Simvastatin enhances the regeneration of endothelial cells via VEGF secretion in injured arteries.

Kozawa O.

Department of Pharmacology, Gifu University School of Medicine, Gifu, Japan. leuven cc.gifu-u.ac.jp

The search for a novel therapy for endothelial regenerating is an area of intensive investigation. Recent experimental and clinical evidence strongly suggests that 3-hydroxy-3-methylglutaryl-CoA (HMG-CoA) reductase inhibitors (statins) have several physiological effects independent of low-density lipoprotein cholesterol reduction.
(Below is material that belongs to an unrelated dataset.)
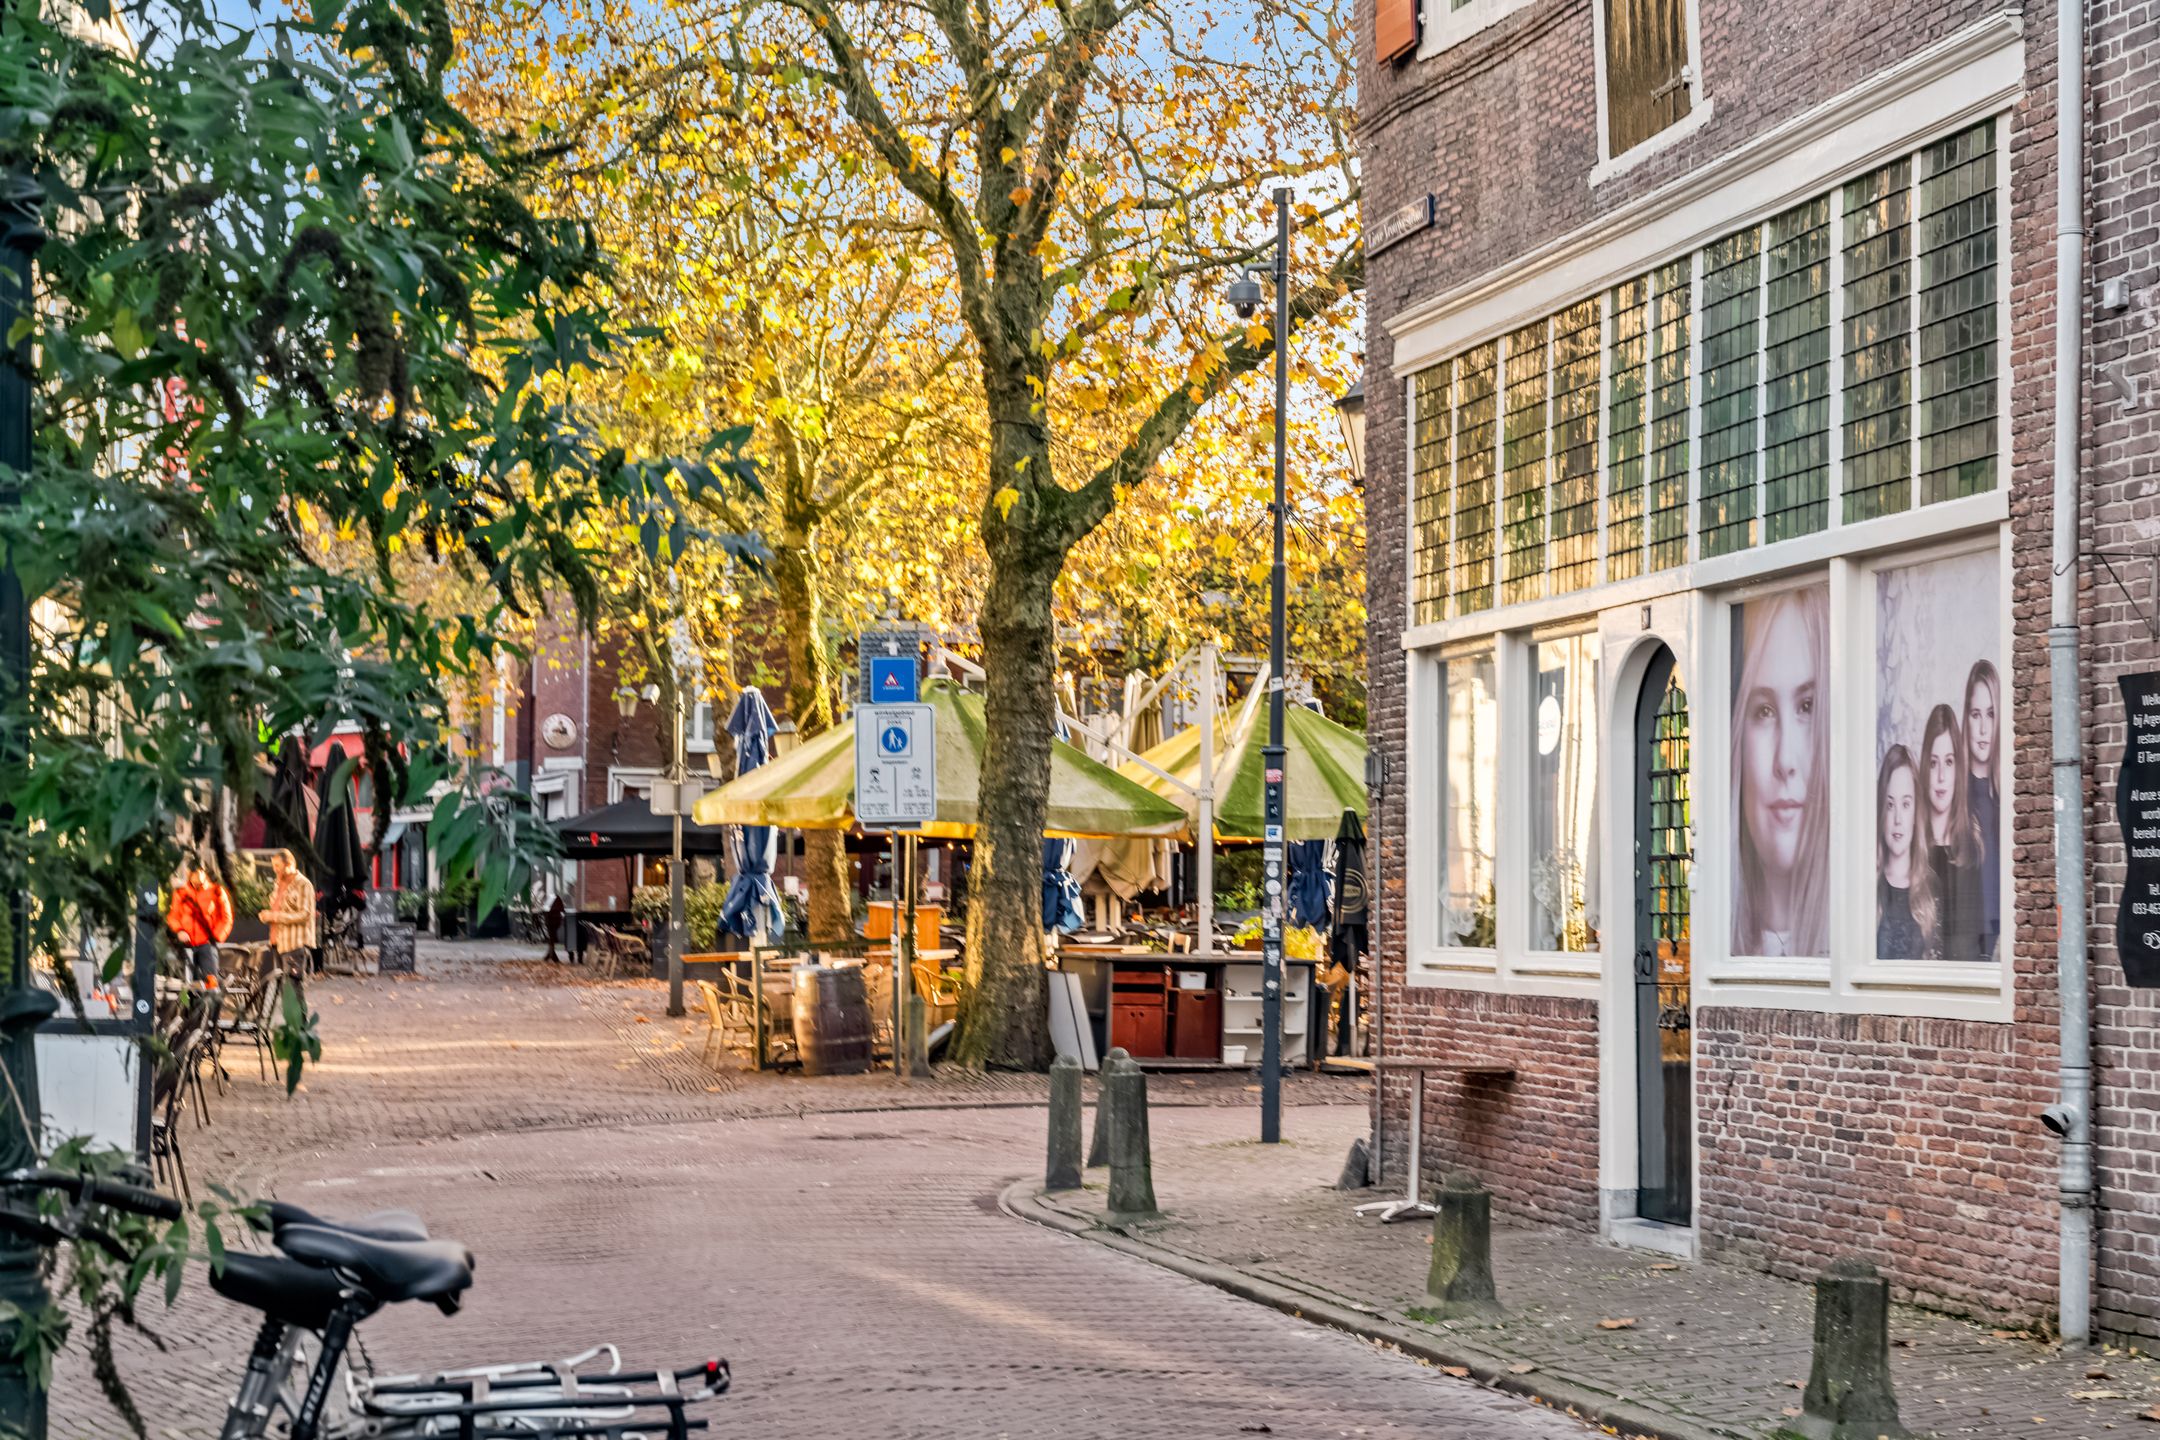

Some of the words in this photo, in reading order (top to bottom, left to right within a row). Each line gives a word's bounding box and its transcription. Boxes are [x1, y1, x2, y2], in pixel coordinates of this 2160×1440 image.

We here report that the carotid arterial blood flow after endothelial injury in hamsters treated with simvastatin was restored, in contrast to the situation in nontreated hamsters. Histologic observations showed a prompt recovery of endothelial cells with a much higher DNA synthesis index in repaired endothelium of hamsters treated with simvastatin. The amount of secreted vascular endothelial cell growth factor (VEGF) by cultured vascular smooth muscle cells from hamsters treated with simvastatin was significantly increased. Mevalonate reduced the amount of VEGF secretion by simvastatin in vitro. Finally, an injection of either an anti-VEGF antibody or an anti-VEGF receptor-1 (Flt-1) antibody, but not anti-VEGF receptor-2 (Flk-1), reduced the prompt endothelial healing. Simvastatin regulates endothelial regenerating by an over-release of VEGF and by this may result in prompt endothelial healing after vascular injury. Our results provide new insights into the role of statin and VEGF in the pathogenesis of vascular diseases.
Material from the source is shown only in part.